04.Risks and complications

Laser eye surgery for vision correction can change your life for the better, but you need to be comfortable with taking a certain risk, as no medical procedure is totally risk-free and the results are irreversible.

Laser eye surgery has been performed for more than a decade now and over that time, the complication rate has proved to be generally low. Around 5% of patients report problems following it.
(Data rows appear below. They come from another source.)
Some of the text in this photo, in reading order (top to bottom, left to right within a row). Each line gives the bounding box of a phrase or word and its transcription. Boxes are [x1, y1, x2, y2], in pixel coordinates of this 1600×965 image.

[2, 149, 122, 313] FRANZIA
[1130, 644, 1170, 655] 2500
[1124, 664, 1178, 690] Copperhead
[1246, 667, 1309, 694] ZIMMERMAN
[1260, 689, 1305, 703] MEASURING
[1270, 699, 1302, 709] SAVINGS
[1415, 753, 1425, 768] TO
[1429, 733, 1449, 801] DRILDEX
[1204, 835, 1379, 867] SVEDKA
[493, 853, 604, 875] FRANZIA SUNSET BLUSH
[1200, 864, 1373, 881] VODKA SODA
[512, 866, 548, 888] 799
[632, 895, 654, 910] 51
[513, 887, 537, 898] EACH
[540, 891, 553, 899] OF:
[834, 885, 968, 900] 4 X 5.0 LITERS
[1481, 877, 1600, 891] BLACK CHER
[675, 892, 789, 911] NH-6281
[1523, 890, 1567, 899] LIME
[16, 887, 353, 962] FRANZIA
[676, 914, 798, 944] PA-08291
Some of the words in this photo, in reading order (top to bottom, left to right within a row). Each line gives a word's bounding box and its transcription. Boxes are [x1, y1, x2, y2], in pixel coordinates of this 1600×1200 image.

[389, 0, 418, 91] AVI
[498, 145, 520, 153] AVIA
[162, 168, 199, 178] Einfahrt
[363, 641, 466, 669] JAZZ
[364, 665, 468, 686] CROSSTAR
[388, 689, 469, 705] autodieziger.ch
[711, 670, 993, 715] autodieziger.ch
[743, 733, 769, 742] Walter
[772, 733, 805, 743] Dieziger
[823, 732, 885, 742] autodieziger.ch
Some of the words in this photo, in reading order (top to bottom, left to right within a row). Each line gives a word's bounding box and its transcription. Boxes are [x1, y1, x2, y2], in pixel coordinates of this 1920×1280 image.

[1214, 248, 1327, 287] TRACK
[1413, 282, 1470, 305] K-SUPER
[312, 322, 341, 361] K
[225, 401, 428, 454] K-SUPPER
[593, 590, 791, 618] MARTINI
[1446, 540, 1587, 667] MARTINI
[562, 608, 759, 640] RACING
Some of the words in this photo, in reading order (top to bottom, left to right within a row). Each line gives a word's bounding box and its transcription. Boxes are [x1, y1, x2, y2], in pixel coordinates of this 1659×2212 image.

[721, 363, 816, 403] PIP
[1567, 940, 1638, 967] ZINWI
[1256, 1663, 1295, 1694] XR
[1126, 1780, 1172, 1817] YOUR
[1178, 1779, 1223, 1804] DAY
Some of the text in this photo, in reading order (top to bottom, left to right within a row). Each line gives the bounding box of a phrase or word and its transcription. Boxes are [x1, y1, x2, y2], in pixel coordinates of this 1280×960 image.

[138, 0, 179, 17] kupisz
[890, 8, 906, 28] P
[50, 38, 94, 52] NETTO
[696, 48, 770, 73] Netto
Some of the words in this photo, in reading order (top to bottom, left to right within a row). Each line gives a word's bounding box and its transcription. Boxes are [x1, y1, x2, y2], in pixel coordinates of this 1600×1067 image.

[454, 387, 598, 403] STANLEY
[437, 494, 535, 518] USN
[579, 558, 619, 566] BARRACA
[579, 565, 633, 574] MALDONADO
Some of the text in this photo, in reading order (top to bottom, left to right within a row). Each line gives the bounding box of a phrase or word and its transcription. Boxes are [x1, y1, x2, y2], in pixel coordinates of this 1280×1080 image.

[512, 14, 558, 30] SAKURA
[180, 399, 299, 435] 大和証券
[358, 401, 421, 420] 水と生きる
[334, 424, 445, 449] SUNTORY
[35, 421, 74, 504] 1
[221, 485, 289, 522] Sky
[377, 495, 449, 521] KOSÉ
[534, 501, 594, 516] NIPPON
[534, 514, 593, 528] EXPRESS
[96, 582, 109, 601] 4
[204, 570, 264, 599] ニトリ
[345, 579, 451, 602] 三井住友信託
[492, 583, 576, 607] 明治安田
The most common problems occur during the first few weeks after surgery and include:
  • Over- or under-correction, or residual blurry vision, which requires another ‘fine-tuning’ enhancement after three months.
  • Dry eyes, or inability to produce enough tears to keep the eyes comfortable, especially after LASIK.
  • Visual symptoms, especially after PRK, affecting night-driving ability, such as corneal haze, glare and/or haloes, starbursts around lights, blurry double vision or light sensitivity.
  • Eye sensitivity after PRK or other surface treatments.
  • Other, less common problems include myopic regression (where eyesight changes back to the pre-surgery state), lower contrast sensitivity and less crisp vision, even with glasses or contact lenses.
  • Visually threatening complications are very rare. But as with any other surgery, there’s always a slight chance of infection, especially within the first two days after surgery. It’s rare and more common with PRK than with LASIK. Infections can lead to scarring and, in extreme cases, blindness.
  • As it’s a fairly recent procedure, the long-term effect of removing corneal tissue is unknown, but so far no studies have suggested that there’ll be complications in the long term. Most problems discovered so far occur in the first year after surgery.